We all must remember it is the common enemy, not each other.

With Chatham-Kent back into a Red Zone in terms of COVID-19 restrictions, we are all admittedly extremely fatigued of this virus, be it in terms of those fearful of it, others who want to ignore it but are unable to do so due to government restrictions and everyone in between.

We’ve seemingly had wave after wave of COVID surges, locally, provincially, nationally and globally.

As soon as restrictions are relaxed, people seemingly forget the notion of social distancing and regular hand washing, hugging friends, having large gatherings and wondering how COVID counterattacked so quickly.

As we said, this is fatiguing on all sides, and it has polarized people.

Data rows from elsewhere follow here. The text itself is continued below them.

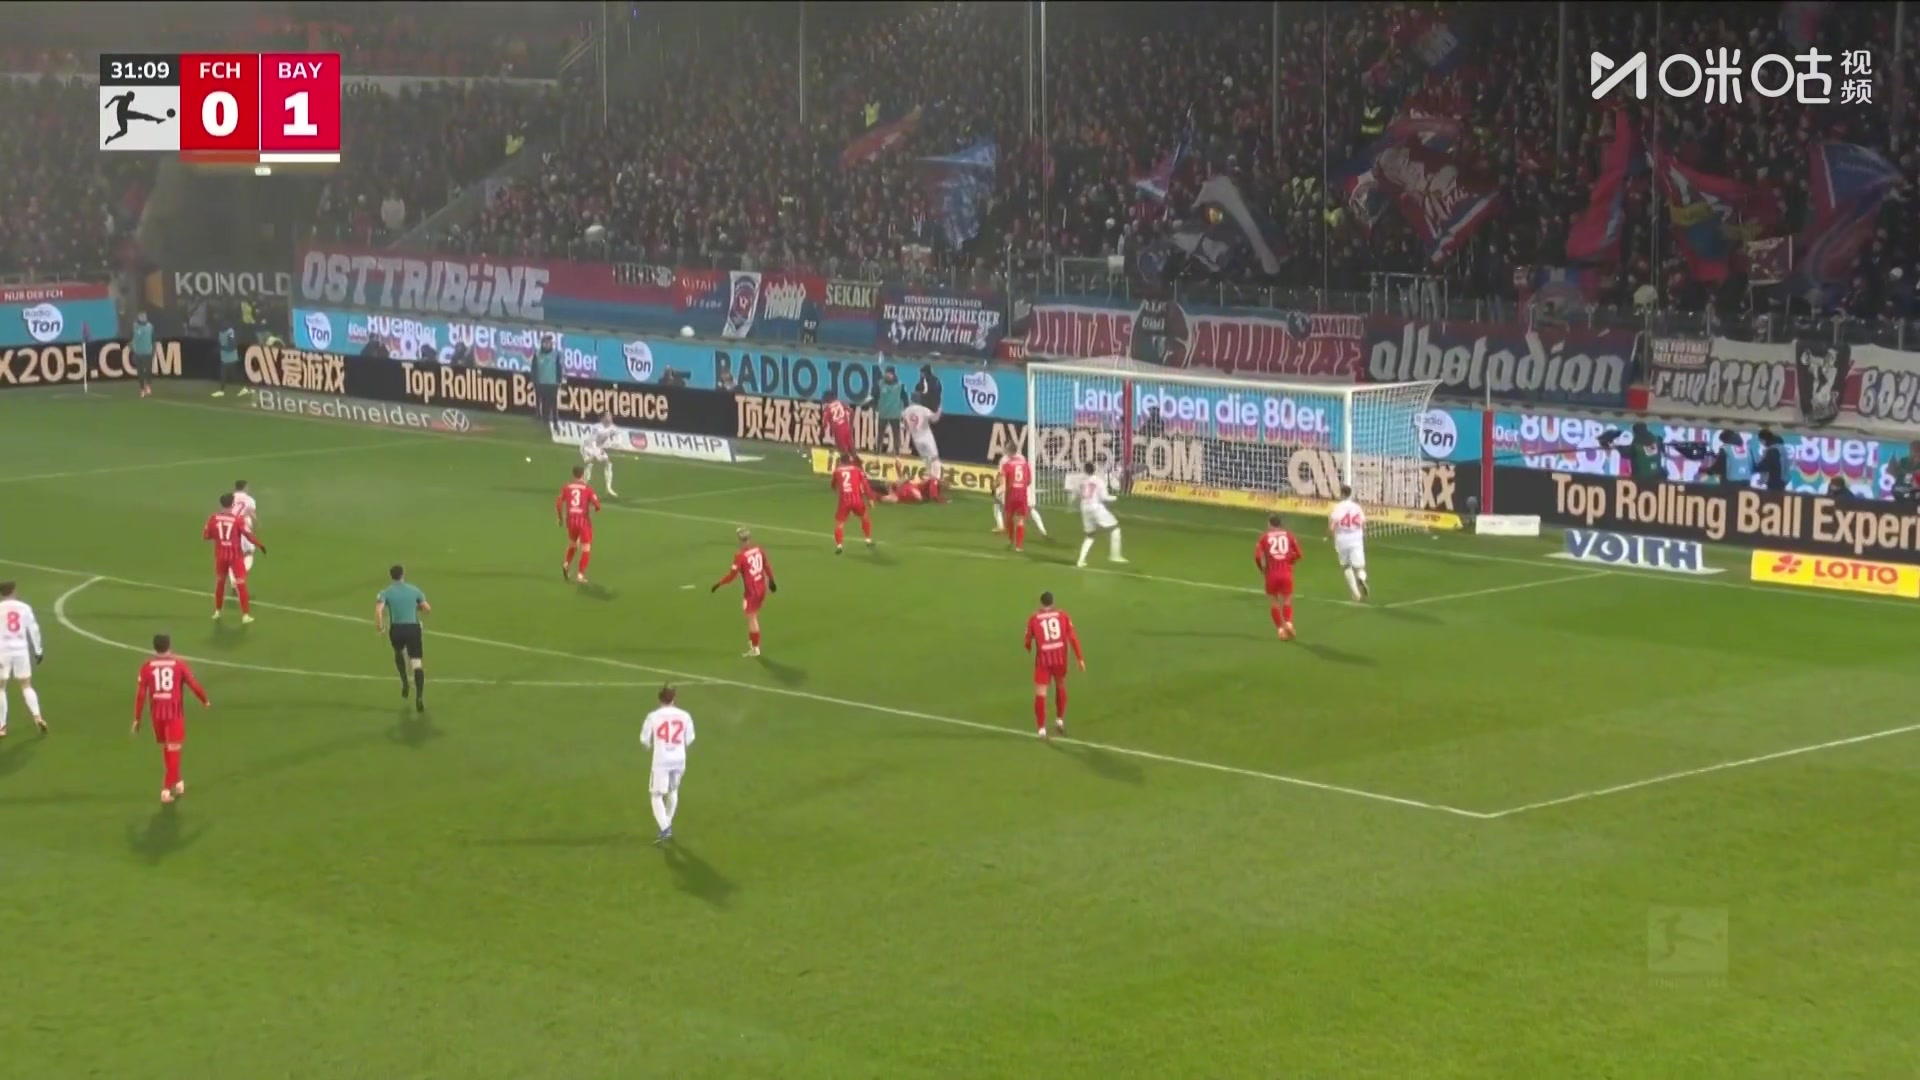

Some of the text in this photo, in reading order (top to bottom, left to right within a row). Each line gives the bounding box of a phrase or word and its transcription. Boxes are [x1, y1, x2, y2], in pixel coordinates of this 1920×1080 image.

[32, 320, 60, 333] Ton
[312, 327, 330, 341] Ton
[565, 348, 598, 371] 80er
[1009, 346, 1025, 359] NU
[630, 357, 651, 373] Ton
[715, 351, 818, 397] RADIO
[401, 362, 436, 403] Top
[441, 366, 507, 411] Rolling
[557, 378, 669, 421] Experience
[970, 389, 996, 406] Ton
[258, 390, 431, 427] Bierschneider
[1135, 384, 1210, 421] leben
[1216, 393, 1260, 426] die
[678, 436, 723, 454] MHP
[1423, 429, 1454, 447] Ton
[841, 471, 851, 488] 2
[571, 489, 581, 506] 3
[1552, 473, 1606, 525] Top
[1616, 480, 1727, 541] Rolling
[1737, 491, 1802, 539] Ball
[215, 520, 233, 540] 17
[1268, 535, 1289, 555] 20
[1566, 529, 1703, 571] VOITH
[748, 552, 763, 576] 30
[1815, 559, 1898, 585] LOTTO
[6, 611, 21, 634] 8
[1040, 617, 1062, 641] 19
[152, 667, 174, 692] 18
[656, 719, 684, 745] 42

You have the anti-maskers vs. the pro maskers; the anti-vaxxers vs. the pro-vaxxers; the anti-rules folks vs. the pro-government types. Yes, there are many of us in the middle in some of these wars of words, but that is certainly the minority.

Half of long-term care personnel declined to get vaccinated. That caused an uproar from folks who are in favour of the vaccine.

People had gathered outside their immediate households during the lockdown (Super Bowl parties, for example), and in much larger numbers than allowed once the lockdown ended. Neighbours called the COVID police on one another. Fines were levied.

We have people who blame governments as a whole for failing to properly deal with this virus, or for trying to put restrictions on their freedom of movement.

Furthermore, we have a plethora of online doctors, with degrees in Facebook medicine, it seems, who claim to know way more about the virus than our own medial officer of health, or those at the provincial or federal levels. More verbal sparring, this time on social media.

Most of us have also encountered a person in a store without a mask or someone heading the wrong way down a clearly marked one-way aisle, and had less-than pleasant thoughts against the other.

Blame, blame, blame. When the point of anger is only seen under a microscope, people lash out at their nearest targets all too often.

Let’s take a collective breath, people, respect one another, and get through this together.